All of the forms that you need are on the immigration website, I would recommend reading through the "Partner Migration Booklet" (if you google this phrase it will come up  ), to verify which forms you need. A quick way of getting each form is to type it into google followed by pdf and it will be your first hit (saves you looking through the website trying to find them).

As for not living together yet; it was an important part of our application that we had lived together for 12 months before applying so we actually held off submitting our application until that was the case.

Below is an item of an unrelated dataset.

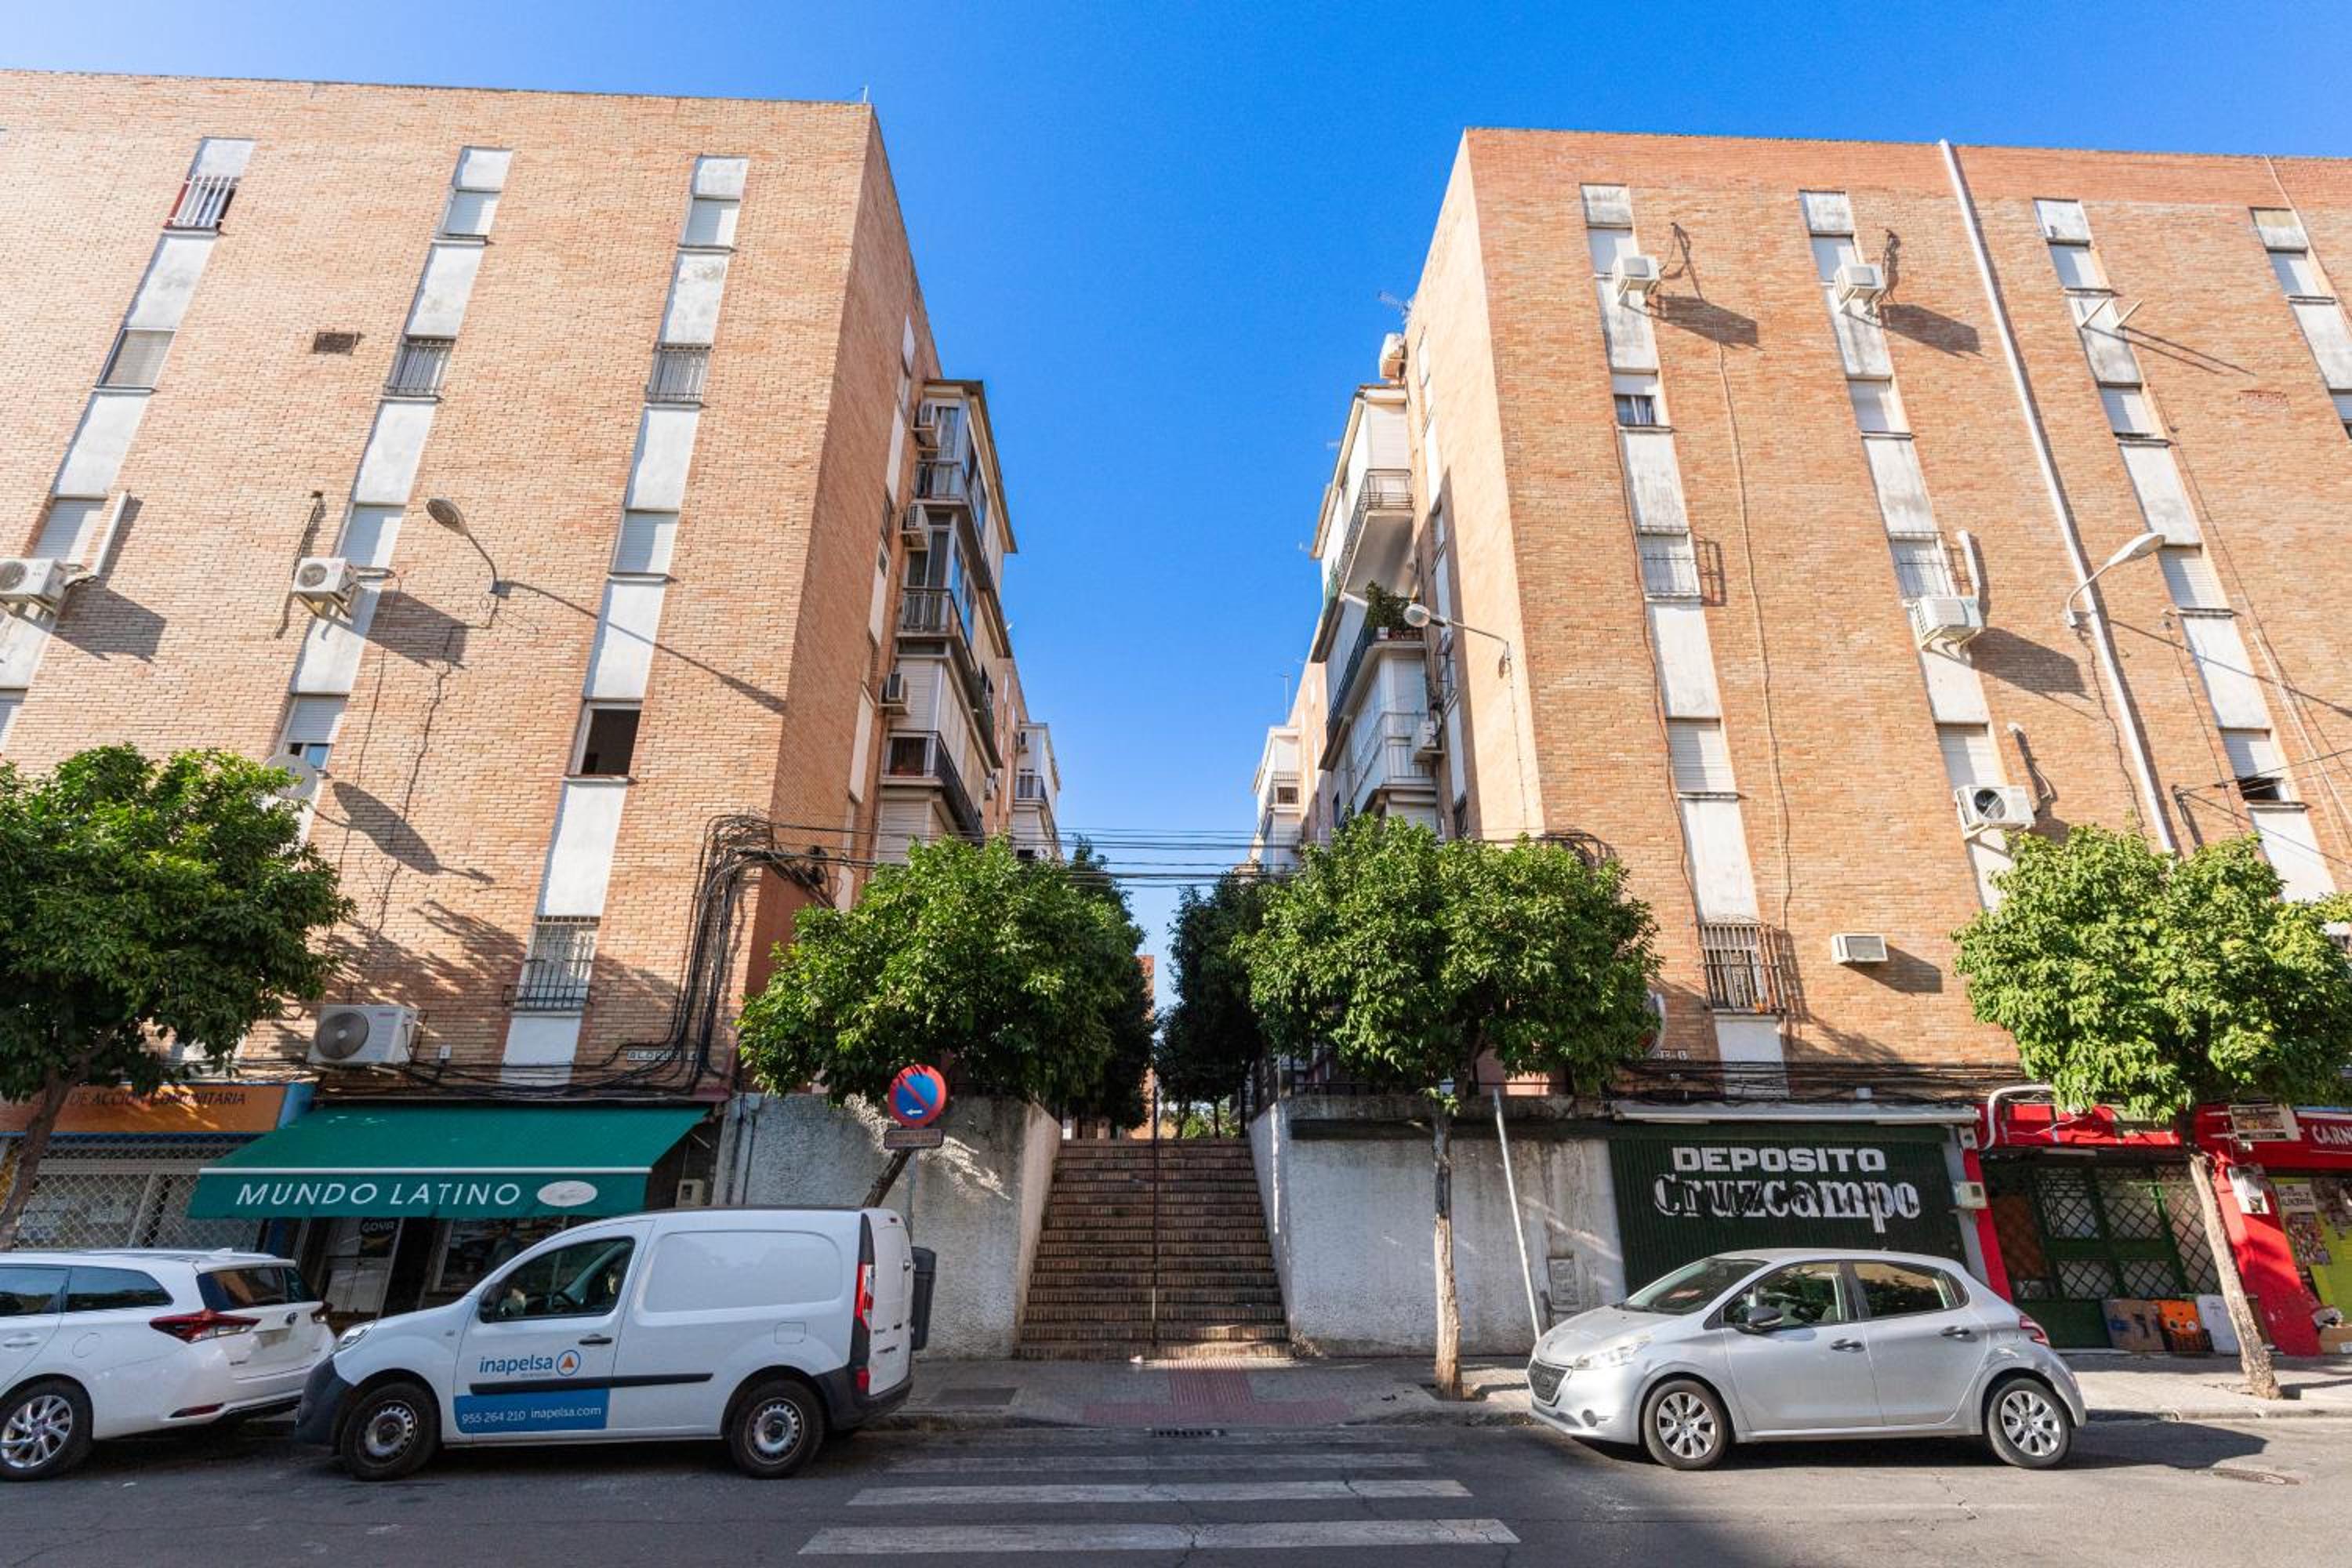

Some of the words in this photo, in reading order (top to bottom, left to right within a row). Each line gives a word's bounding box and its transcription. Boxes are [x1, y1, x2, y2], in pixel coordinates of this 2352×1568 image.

I think what is required is that you have been in a defacto partnership for the 12 months preceding the application and living together is the easiest and most effective way of showing this. If you haven't been living together then you have to gather as much evidence to show that you have been in an exclusive partnership for 12 months+; and I would definitely get your relationship registered in this case.

I would also recommend calling up the immigration helpline to check what you should do in any circumstance that doesn't completely fit the criteria they require. You will be on hold for while but every operator I spoke to was very helpful. I think I called immigration about 10 times before submitting to verify details etc... Better safe than sorry!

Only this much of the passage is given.